A structured set of objections, weighed in public.

Desk editor's note, referee report, simulated authors' rebuttal, and a circularity audit. Tearing a paper down is the easy half of reading it; the pith above is the substance, this is the friction.

Referee Report

2 major / 1 minor

Summary. The paper presents VOICE, a novel framework for science communication that integrates large language models with interactive exploratory visualization. It introduces a pack-of-bots for task-specific roles using fine-tuning and prompt engineering, a text-to-visualization method for flythrough sequences, and natural language interaction for real-time 3D model navigation and manipulation. The system is demonstrated on three 3D molecular models with multi-scale and multi-instance attributes, evaluated by educational experts, and claims to handle arbitrary voice commands with low latency and high accuracy.

Significance. If the performance claims hold, VOICE could advance conversational interfaces for visualization in education and science communication by enabling natural voice-driven exploration of complex 3D models. The integration of LLMs with visualization is timely, but the lack of quantitative benchmarks makes it difficult to assess its novelty or superiority over prior systems.

major comments (2)
  1. [Abstract] Abstract: The central claim that 'the VOICE framework can receive arbitrary voice commands from the user and respond verbally, tightly coupled with corresponding visual representation with low latency and high accuracy' is unsupported by any quantitative metrics, error rates, latency measurements, hallucination rates, or baseline comparisons. The expert evaluation is mentioned but supplies no details on methodology, tasks, or outcomes.
  2. [Evaluation] Evaluation (implied by expert review description): The assumption that fine-tuning and prompt engineering of the pack-of-bots will yield coherent, hallucination-free responses to arbitrary queries in the molecular visualization domain is load-bearing for the contribution but receives no empirical validation or test coverage description.
minor comments (1)
  1. The manuscript should specify what supplemental materials (e.g., code, prompts, or evaluation data) are provided at the OSF link to support reproducibility of the pack-of-bots implementation.
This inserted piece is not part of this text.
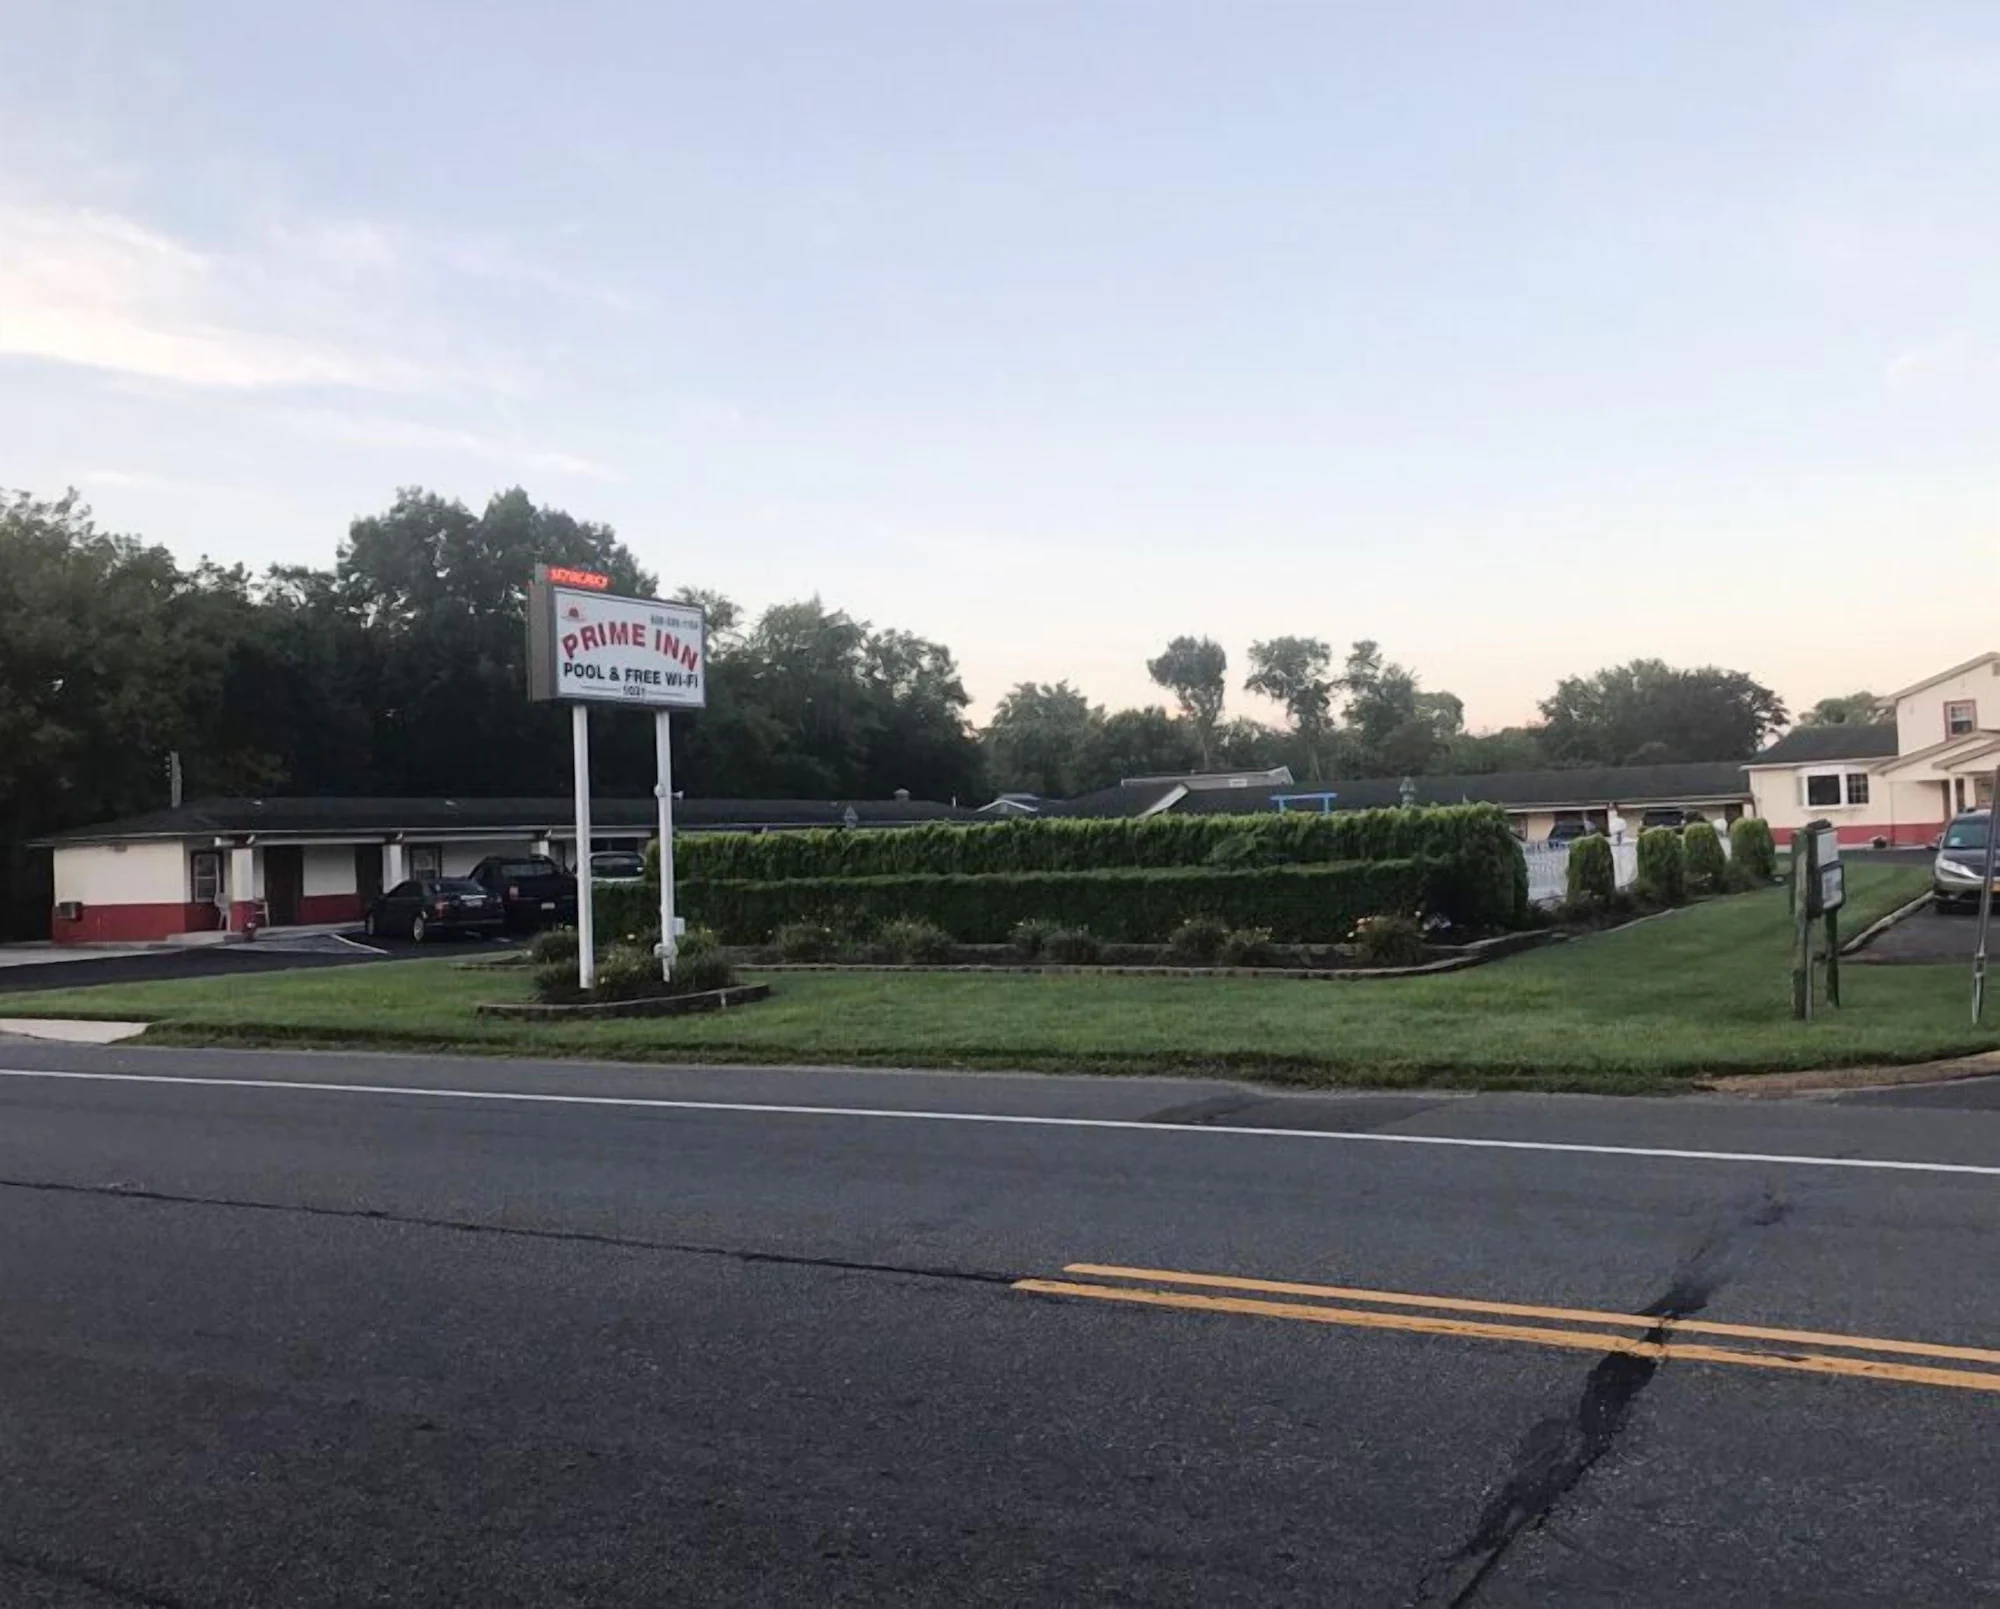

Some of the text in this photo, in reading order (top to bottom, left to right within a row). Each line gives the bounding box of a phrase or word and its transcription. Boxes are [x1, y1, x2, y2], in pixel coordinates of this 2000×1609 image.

[562, 621, 698, 672] PRIME INN
[564, 662, 698, 689] POOL & FREE WI-FI
Simulated Author's Rebuttal

2 responses · 0 unresolved

We thank the referee for the constructive comments on our manuscript. We address each major point below and indicate where revisions will be made to strengthen the presentation of our claims and evaluation.

read point-by-point responses
  1. Referee: [Abstract] Abstract: The central claim that 'the VOICE framework can receive arbitrary voice commands from the user and respond verbally, tightly coupled with corresponding visual representation with low latency and high accuracy' is unsupported by any quantitative metrics, error rates, latency measurements, hallucination rates, or baseline comparisons. The expert evaluation is mentioned but supplies no details on methodology, tasks, or outcomes.

    Authors: We agree that the abstract asserts low latency and high accuracy without accompanying quantitative evidence in the current manuscript. In revision we will qualify this claim to describe observed behavior from our implementation and expand the evaluation section with details on the expert review protocol, specific tasks, participant feedback, and any available latency or accuracy observations from the molecular model demonstrations. revision: yes

  2. Referee: [Evaluation] Evaluation (implied by expert review description): The assumption that fine-tuning and prompt engineering of the pack-of-bots will yield coherent, hallucination-free responses to arbitrary queries in the molecular visualization domain is load-bearing for the contribution but receives no empirical validation or test coverage description.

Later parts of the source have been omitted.